**TASK DIRECTIONS**
Go through the entries below and retype them exactly, omitting each picture.

(Data extracted from a collection)
-- Opening Marker --

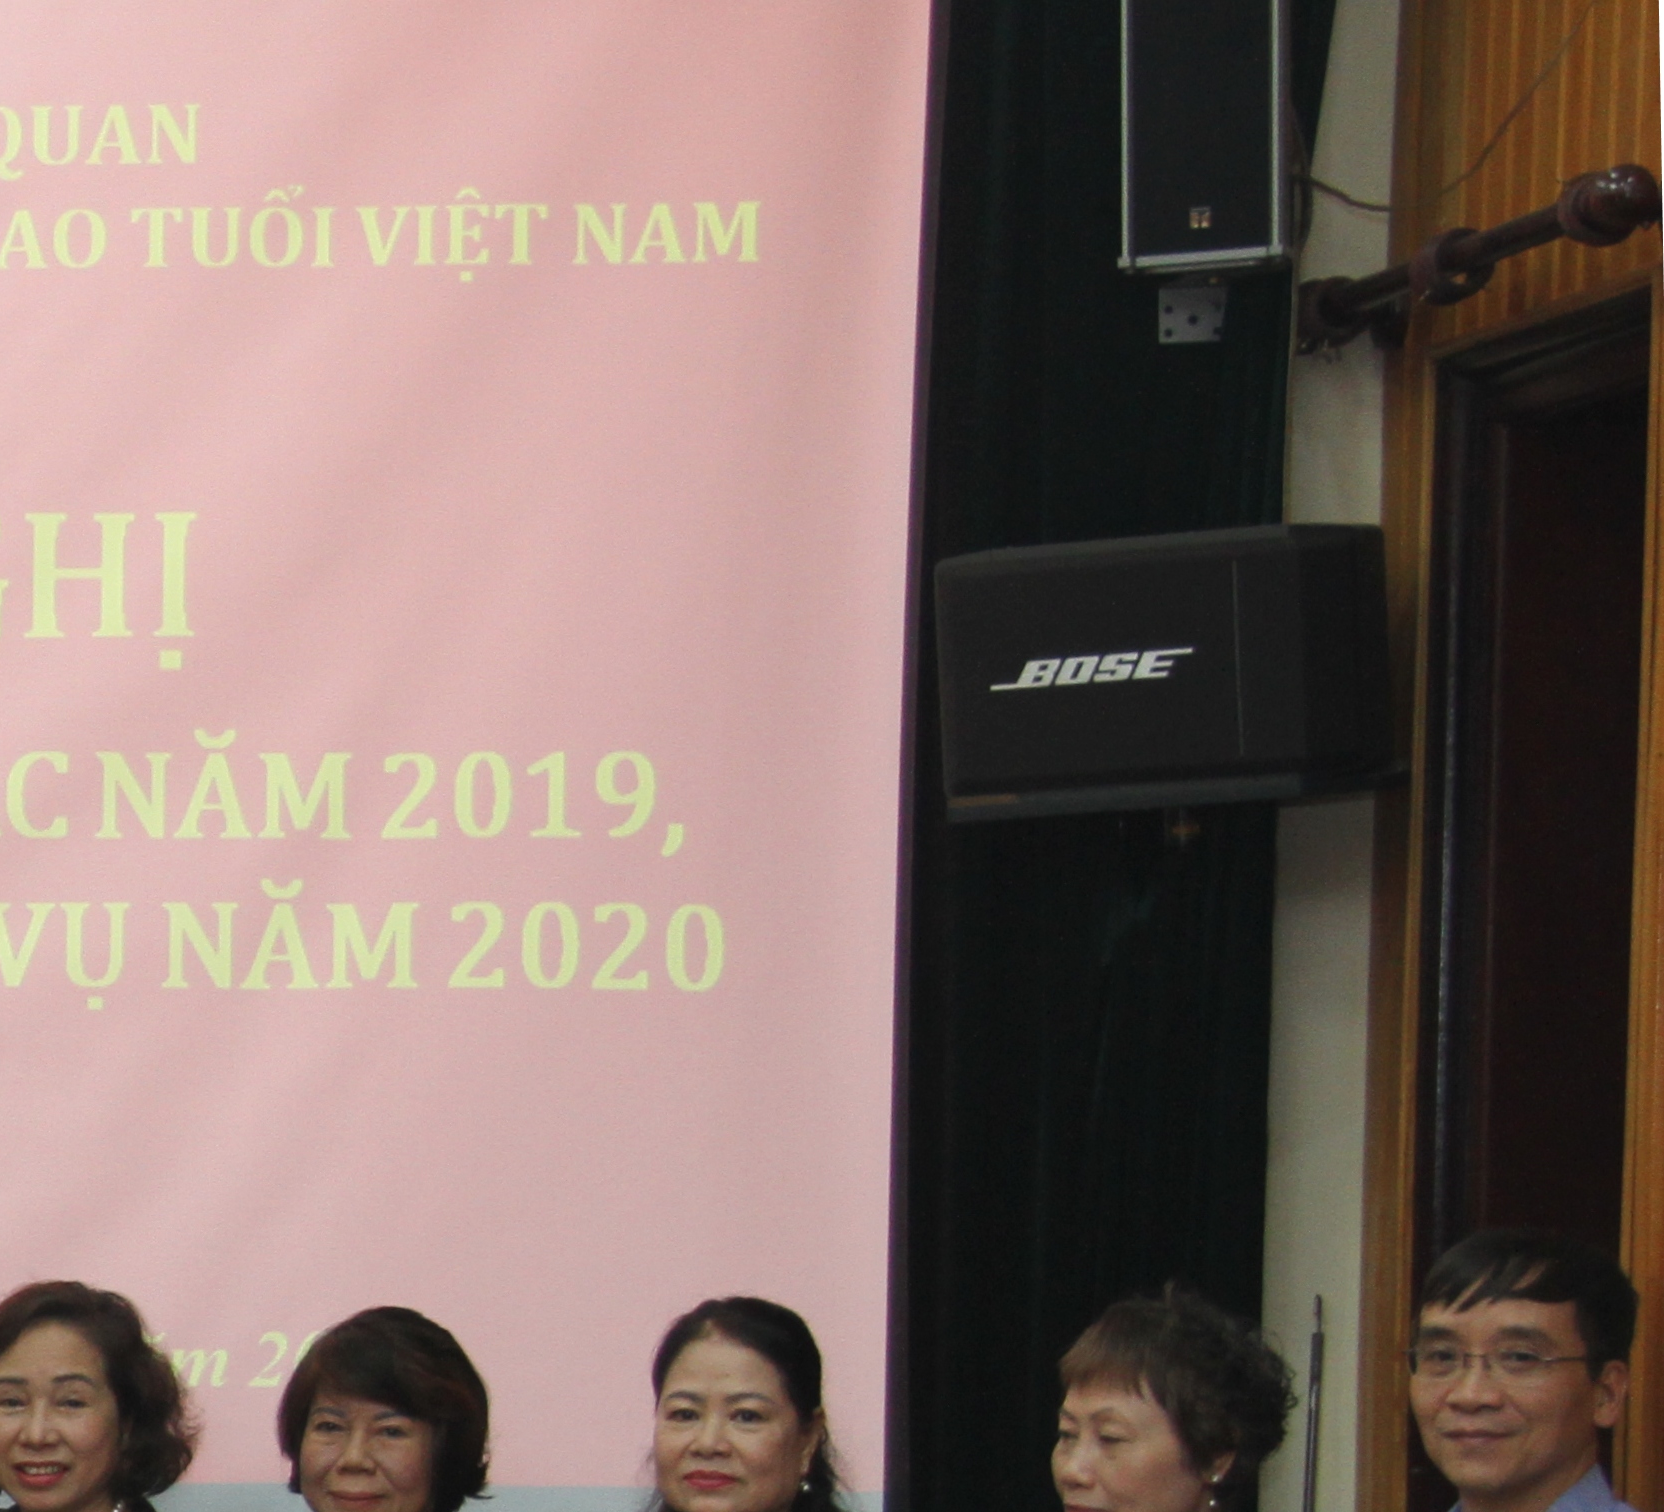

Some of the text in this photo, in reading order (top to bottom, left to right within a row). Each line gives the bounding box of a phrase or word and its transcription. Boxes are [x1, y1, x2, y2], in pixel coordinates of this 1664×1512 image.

[129, 184, 334, 268] TUỔI
[356, 184, 550, 283] VIỆT
[573, 200, 762, 265] NAM
[990, 647, 1193, 691] BOSE
[96, 726, 352, 842] NĂM
[379, 750, 687, 858] 2019,
[161, 876, 421, 992] NĂM
[446, 900, 727, 993] 2020

-- Closing Marker --

**WRITTEN RESPONSE**
Some of the text in this photo, in reading order (top to bottom, left to right within a row). Each line gives the bounding box of a phrase or word and its transcription. Boxes are [x1, y1, x2, y2], in pixel coordinates of this 1664×1512 image.

[129, 184, 334, 268] TUỔI
[356, 184, 550, 283] VIỆT
[573, 200, 762, 265] NAM
[990, 647, 1193, 691] BOSE
[96, 726, 352, 842] NĂM
[379, 750, 687, 858] 2019,
[161, 876, 421, 992] NĂM
[446, 900, 727, 993] 2020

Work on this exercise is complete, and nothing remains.